Data section section start

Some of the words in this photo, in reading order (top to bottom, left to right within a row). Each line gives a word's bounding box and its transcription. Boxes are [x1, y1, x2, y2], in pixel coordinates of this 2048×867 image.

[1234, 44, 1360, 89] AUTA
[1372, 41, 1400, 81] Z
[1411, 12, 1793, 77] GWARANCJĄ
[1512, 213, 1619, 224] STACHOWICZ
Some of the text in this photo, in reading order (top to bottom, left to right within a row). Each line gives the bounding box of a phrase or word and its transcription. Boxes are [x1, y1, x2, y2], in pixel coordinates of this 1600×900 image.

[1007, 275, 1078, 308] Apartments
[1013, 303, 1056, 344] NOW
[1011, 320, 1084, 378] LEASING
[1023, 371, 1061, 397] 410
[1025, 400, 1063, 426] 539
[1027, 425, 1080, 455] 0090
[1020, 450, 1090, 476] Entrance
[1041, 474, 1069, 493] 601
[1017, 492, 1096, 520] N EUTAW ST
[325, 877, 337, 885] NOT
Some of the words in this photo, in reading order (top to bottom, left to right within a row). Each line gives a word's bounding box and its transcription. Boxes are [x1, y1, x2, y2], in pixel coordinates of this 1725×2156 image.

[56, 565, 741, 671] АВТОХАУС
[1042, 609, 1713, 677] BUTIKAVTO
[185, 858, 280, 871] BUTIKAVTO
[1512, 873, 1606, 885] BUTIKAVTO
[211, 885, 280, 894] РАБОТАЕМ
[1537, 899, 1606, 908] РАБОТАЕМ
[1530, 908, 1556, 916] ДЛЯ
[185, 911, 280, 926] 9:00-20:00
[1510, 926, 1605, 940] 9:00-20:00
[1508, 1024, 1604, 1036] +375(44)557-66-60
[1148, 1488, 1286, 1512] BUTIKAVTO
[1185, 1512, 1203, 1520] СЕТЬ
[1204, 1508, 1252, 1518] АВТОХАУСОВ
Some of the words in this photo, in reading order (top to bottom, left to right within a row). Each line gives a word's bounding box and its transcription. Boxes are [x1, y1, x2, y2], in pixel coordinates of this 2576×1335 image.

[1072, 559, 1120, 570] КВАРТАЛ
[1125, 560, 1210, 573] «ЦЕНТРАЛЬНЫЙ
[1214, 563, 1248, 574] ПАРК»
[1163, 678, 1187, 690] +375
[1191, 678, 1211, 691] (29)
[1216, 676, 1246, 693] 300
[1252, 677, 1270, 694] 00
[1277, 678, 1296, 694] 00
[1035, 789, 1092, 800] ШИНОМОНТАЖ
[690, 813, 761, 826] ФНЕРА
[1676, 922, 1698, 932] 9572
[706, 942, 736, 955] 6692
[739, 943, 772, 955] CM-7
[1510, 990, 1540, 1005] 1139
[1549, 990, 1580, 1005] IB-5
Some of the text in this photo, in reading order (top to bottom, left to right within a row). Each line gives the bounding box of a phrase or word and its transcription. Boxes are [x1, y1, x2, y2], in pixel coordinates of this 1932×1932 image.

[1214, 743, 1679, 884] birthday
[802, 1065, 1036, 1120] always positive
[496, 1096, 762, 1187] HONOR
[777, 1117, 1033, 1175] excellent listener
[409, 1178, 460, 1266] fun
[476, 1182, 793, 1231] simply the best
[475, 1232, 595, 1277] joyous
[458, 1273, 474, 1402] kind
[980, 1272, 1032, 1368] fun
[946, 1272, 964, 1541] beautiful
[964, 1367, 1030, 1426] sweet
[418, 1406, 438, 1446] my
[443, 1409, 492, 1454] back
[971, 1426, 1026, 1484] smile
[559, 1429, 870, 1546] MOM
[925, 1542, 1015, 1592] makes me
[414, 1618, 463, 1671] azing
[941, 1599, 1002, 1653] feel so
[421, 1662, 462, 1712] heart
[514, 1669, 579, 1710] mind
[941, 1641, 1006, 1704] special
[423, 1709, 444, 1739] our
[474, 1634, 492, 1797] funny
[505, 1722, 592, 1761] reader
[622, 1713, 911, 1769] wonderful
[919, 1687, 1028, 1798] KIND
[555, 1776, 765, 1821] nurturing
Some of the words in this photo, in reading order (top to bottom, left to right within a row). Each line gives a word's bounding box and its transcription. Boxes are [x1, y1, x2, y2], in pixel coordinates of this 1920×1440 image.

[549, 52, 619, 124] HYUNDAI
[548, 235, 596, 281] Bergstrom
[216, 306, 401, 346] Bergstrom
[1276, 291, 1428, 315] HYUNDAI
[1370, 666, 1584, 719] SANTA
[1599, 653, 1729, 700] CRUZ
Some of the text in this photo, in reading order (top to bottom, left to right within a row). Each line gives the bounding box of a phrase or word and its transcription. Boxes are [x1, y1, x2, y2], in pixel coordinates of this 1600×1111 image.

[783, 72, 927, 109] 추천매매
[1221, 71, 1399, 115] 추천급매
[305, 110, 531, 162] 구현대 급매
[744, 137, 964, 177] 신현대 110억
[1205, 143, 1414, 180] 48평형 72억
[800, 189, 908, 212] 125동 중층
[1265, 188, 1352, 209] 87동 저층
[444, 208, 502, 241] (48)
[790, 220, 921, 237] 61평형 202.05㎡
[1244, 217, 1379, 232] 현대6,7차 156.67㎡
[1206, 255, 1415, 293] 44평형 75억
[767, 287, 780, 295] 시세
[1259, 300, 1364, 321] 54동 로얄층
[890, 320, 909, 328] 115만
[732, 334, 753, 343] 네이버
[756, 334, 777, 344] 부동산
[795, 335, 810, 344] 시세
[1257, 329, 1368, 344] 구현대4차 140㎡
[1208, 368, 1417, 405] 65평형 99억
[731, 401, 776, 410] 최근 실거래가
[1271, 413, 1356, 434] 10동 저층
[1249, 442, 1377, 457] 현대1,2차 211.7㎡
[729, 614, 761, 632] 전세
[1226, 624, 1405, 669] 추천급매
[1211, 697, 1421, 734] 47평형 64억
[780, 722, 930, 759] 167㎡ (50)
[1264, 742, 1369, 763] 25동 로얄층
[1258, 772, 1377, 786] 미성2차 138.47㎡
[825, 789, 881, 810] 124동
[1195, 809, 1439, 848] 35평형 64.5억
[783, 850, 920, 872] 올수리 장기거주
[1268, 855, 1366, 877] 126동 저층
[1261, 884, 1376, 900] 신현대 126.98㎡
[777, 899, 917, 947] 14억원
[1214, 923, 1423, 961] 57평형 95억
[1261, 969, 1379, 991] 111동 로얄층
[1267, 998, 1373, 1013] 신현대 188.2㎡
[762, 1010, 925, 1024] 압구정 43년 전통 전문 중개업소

Data section section end

Exercise description.
Each entry must be printed again exactly as given.

Answer space.
Some of the words in this photo, in reading order (top to bottom, left to right within a row). Each line gives a word's bounding box and its transcription. Boxes are [x1, y1, x2, y2], in pixel coordinates of this 2048×867 image.

[1234, 44, 1360, 89] AUTA
[1372, 41, 1400, 81] Z
[1411, 12, 1793, 77] GWARANCJĄ
[1512, 213, 1619, 224] STACHOWICZ
Some of the text in this photo, in reading order (top to bottom, left to right within a row). Each line gives the bounding box of a phrase or word and its transcription. Boxes are [x1, y1, x2, y2], in pixel coordinates of this 1600×900 image.

[1007, 275, 1078, 308] Apartments
[1013, 303, 1056, 344] NOW
[1011, 320, 1084, 378] LEASING
[1023, 371, 1061, 397] 410
[1025, 400, 1063, 426] 539
[1027, 425, 1080, 455] 0090
[1020, 450, 1090, 476] Entrance
[1041, 474, 1069, 493] 601
[1017, 492, 1096, 520] N EUTAW ST
[325, 877, 337, 885] NOT
Some of the words in this photo, in reading order (top to bottom, left to right within a row). Each line gives a word's bounding box and its transcription. Boxes are [x1, y1, x2, y2], in pixel coordinates of this 1725×2156 image.

[56, 565, 741, 671] АВТОХАУС
[1042, 609, 1713, 677] BUTIKAVTO
[185, 858, 280, 871] BUTIKAVTO
[1512, 873, 1606, 885] BUTIKAVTO
[211, 885, 280, 894] РАБОТАЕМ
[1537, 899, 1606, 908] РАБОТАЕМ
[1530, 908, 1556, 916] ДЛЯ
[185, 911, 280, 926] 9:00-20:00
[1510, 926, 1605, 940] 9:00-20:00
[1508, 1024, 1604, 1036] +375(44)557-66-60
[1148, 1488, 1286, 1512] BUTIKAVTO
[1185, 1512, 1203, 1520] СЕТЬ
[1204, 1508, 1252, 1518] АВТОХАУСОВ
Some of the words in this photo, in reading order (top to bottom, left to right within a row). Each line gives a word's bounding box and its transcription. Boxes are [x1, y1, x2, y2], in pixel coordinates of this 2576×1335 image.

[1072, 559, 1120, 570] КВАРТАЛ
[1125, 560, 1210, 573] «ЦЕНТРАЛЬНЫЙ
[1214, 563, 1248, 574] ПАРК»
[1163, 678, 1187, 690] +375
[1191, 678, 1211, 691] (29)
[1216, 676, 1246, 693] 300
[1252, 677, 1270, 694] 00
[1277, 678, 1296, 694] 00
[1035, 789, 1092, 800] ШИНОМОНТАЖ
[690, 813, 761, 826] ФНЕРА
[1676, 922, 1698, 932] 9572
[706, 942, 736, 955] 6692
[739, 943, 772, 955] CM-7
[1510, 990, 1540, 1005] 1139
[1549, 990, 1580, 1005] IB-5
Some of the text in this photo, in reading order (top to bottom, left to right within a row). Each line gives the bounding box of a phrase or word and its transcription. Boxes are [x1, y1, x2, y2], in pixel coordinates of this 1932×1932 image.

[1214, 743, 1679, 884] birthday
[802, 1065, 1036, 1120] always positive
[496, 1096, 762, 1187] HONOR
[777, 1117, 1033, 1175] excellent listener
[409, 1178, 460, 1266] fun
[476, 1182, 793, 1231] simply the best
[475, 1232, 595, 1277] joyous
[458, 1273, 474, 1402] kind
[980, 1272, 1032, 1368] fun
[946, 1272, 964, 1541] beautiful
[964, 1367, 1030, 1426] sweet
[418, 1406, 438, 1446] my
[443, 1409, 492, 1454] back
[971, 1426, 1026, 1484] smile
[559, 1429, 870, 1546] MOM
[925, 1542, 1015, 1592] makes me
[414, 1618, 463, 1671] azing
[941, 1599, 1002, 1653] feel so
[421, 1662, 462, 1712] heart
[514, 1669, 579, 1710] mind
[941, 1641, 1006, 1704] special
[423, 1709, 444, 1739] our
[474, 1634, 492, 1797] funny
[505, 1722, 592, 1761] reader
[622, 1713, 911, 1769] wonderful
[919, 1687, 1028, 1798] KIND
[555, 1776, 765, 1821] nurturing
Some of the words in this photo, in reading order (top to bottom, left to right within a row). Each line gives a word's bounding box and its transcription. Boxes are [x1, y1, x2, y2], in pixel coordinates of this 1920×1440 image.

[549, 52, 619, 124] HYUNDAI
[548, 235, 596, 281] Bergstrom
[216, 306, 401, 346] Bergstrom
[1276, 291, 1428, 315] HYUNDAI
[1370, 666, 1584, 719] SANTA
[1599, 653, 1729, 700] CRUZ
Some of the text in this photo, in reading order (top to bottom, left to right within a row). Each line gives the bounding box of a phrase or word and its transcription. Boxes are [x1, y1, x2, y2], in pixel coordinates of this 1600×1111 image.

[783, 72, 927, 109] 추천매매
[1221, 71, 1399, 115] 추천급매
[305, 110, 531, 162] 구현대 급매
[744, 137, 964, 177] 신현대 110억
[1205, 143, 1414, 180] 48평형 72억
[800, 189, 908, 212] 125동 중층
[1265, 188, 1352, 209] 87동 저층
[444, 208, 502, 241] (48)
[790, 220, 921, 237] 61평형 202.05㎡
[1244, 217, 1379, 232] 현대6,7차 156.67㎡
[1206, 255, 1415, 293] 44평형 75억
[767, 287, 780, 295] 시세
[1259, 300, 1364, 321] 54동 로얄층
[890, 320, 909, 328] 115만
[732, 334, 753, 343] 네이버
[756, 334, 777, 344] 부동산
[795, 335, 810, 344] 시세
[1257, 329, 1368, 344] 구현대4차 140㎡
[1208, 368, 1417, 405] 65평형 99억
[731, 401, 776, 410] 최근 실거래가
[1271, 413, 1356, 434] 10동 저층
[1249, 442, 1377, 457] 현대1,2차 211.7㎡
[729, 614, 761, 632] 전세
[1226, 624, 1405, 669] 추천급매
[1211, 697, 1421, 734] 47평형 64억
[780, 722, 930, 759] 167㎡ (50)
[1264, 742, 1369, 763] 25동 로얄층
[1258, 772, 1377, 786] 미성2차 138.47㎡
[825, 789, 881, 810] 124동
[1195, 809, 1439, 848] 35평형 64.5억
[783, 850, 920, 872] 올수리 장기거주
[1268, 855, 1366, 877] 126동 저층
[1261, 884, 1376, 900] 신현대 126.98㎡
[777, 899, 917, 947] 14억원
[1214, 923, 1423, 961] 57평형 95억
[1261, 969, 1379, 991] 111동 로얄층
[1267, 998, 1373, 1013] 신현대 188.2㎡
[762, 1010, 925, 1024] 압구정 43년 전통 전문 중개업소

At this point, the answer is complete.